Facebook has a history of integrating popular features from its social media rivals and Snapcodes, which works by giving each user their own Snapchat-branded QR code and letting users point their camera at a code in order to instantly follow the owner, seems to be in keeping with this trend.
A customer service tool
But despite the similarities, Hayley Bolton, a social media strategy manager at Asda, says Facebook has a clear advantage over Snapchat.
She told Marketing Week: “Messaging apps are in huge growth, and although Snapchat has been doing Snapcodes for a while the audiences on the platforms are very different and will use the service in different ways. Facebook has the benefit of having large audiences with many brands present and this is a way of making customer service even more accessible.”
According to Steve Parker, managing director at agency AllTogetherNow, brands will be “drooling” at the changes.
He adds: “The new codes mean it’s going to be quicker and easier for people to get in touch with brands, so it promises an opportunity for better customer experience. Brands will also drool at the prospect of taking complaints off their public-facing pages and into more discreet private channels.”
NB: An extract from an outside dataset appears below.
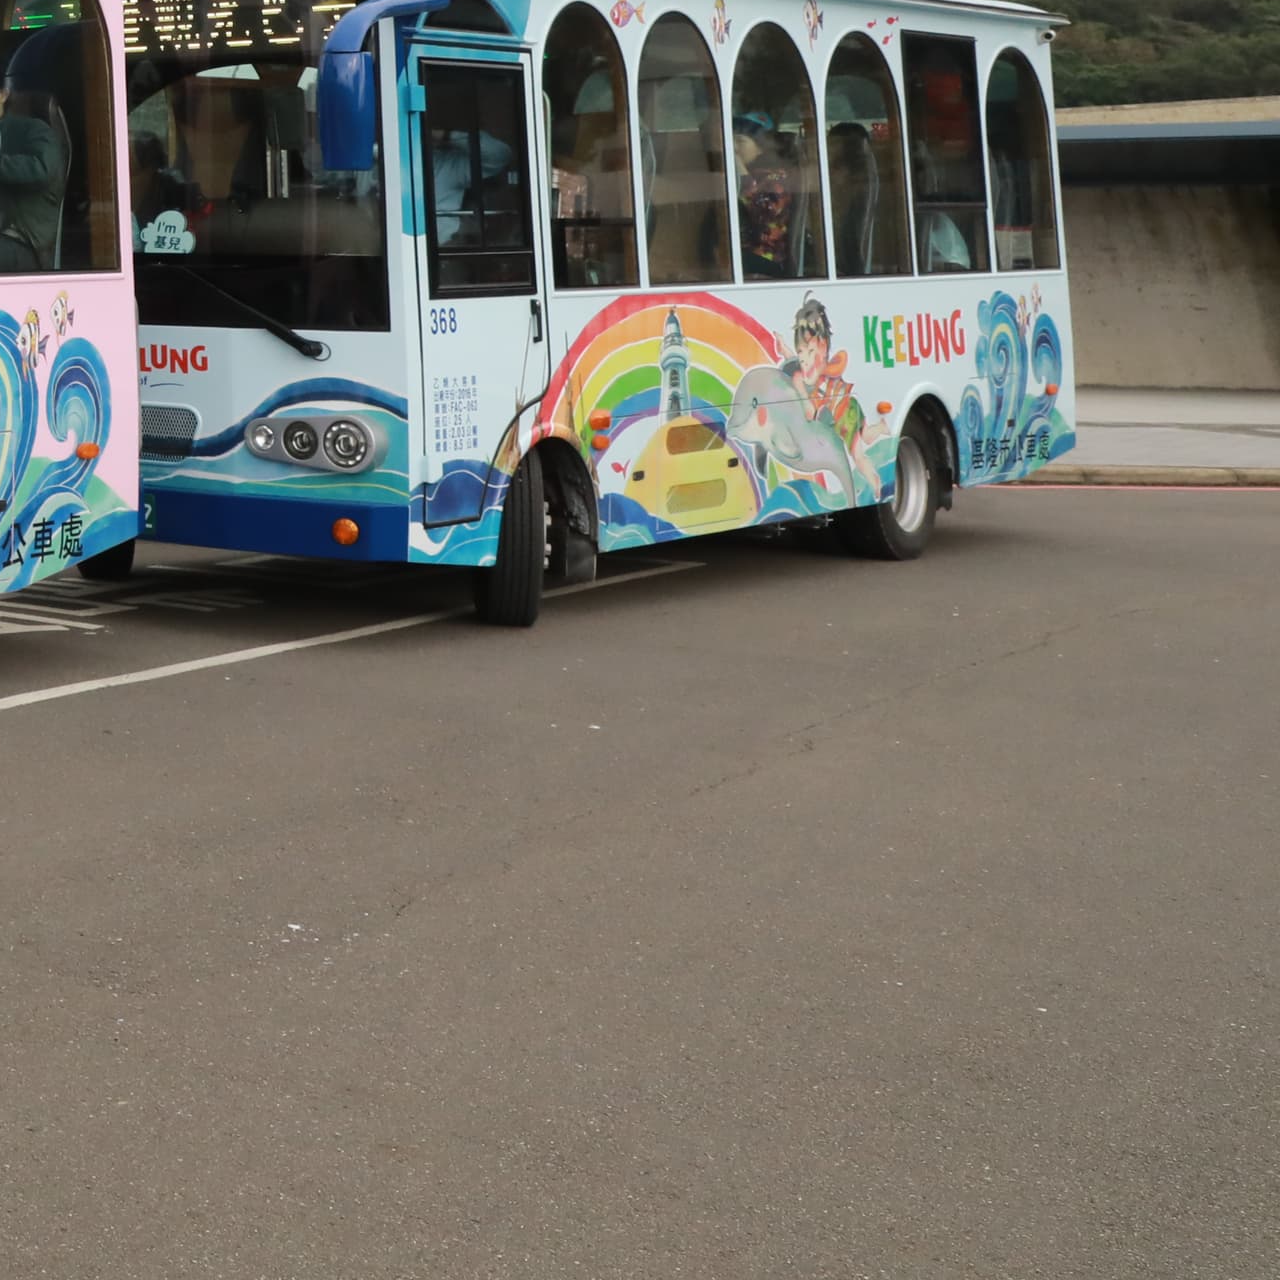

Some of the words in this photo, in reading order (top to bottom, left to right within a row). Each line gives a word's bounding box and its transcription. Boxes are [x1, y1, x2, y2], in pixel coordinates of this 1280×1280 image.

And Asda’s Bolton says it will help the supermarket giant to deal with customer queries.
“It’s another way to make it even simpler for customers to reach brands, and it adds benefit in that direct messaging means brands can receive more private information (like order numbers, full name, date of birth, etc.) and therefore resolve the problem quicker than if it was a comment on a post.”
Competing with Twitter
The move could also be a play at rival Twitter, which has established itself as the social media network of choice for customer complaints and queries over recent years.
But Parker says that maintaining a Facebook Messenger presence will require a lot of resources from brands and those that just create bots to respond to messages will cause more harm than good.
“We’re monitoring this closely and see it as a major opportunity for our clients.”
Steve Parker, managing director at AllTogetherNow
He warns: “But brands will need to make sure they resource the new role for Messenger properly so they can respond quickly to resolve issues, otherwise savvy customers will jump straight back on to public Facebook pages and Twitter to air their grievances to as many people as they can.”
Using Messenger for storytelling
Asda’s US parent Walmart has already experimented with Messenger as a customer service tool. Last year, for example, it trialled a new service at store level that connected shoppers directly with staff through Facebook Messenger.
In an interview with Marketing Week last year, Facebook’s head of ad tech Dave Jakubowski said it was working on ways to integrate storytelling-based marketing features onto Facebook Messenger.
And Bolton is confident Messenger can become another key channel for story-based messaging for both Asda and Walmart.
She concludes: “Twitter is currently utilising a great method of storytelling through Conversation Video – where you watch a piece of content, choose an option to tweet out and then receive the next piece of content based on the option you selected.
“Messenger could be used as another way to serve people more personalised content, as well as to gain consumer feedback and thoughts on content that’s relevant to them.”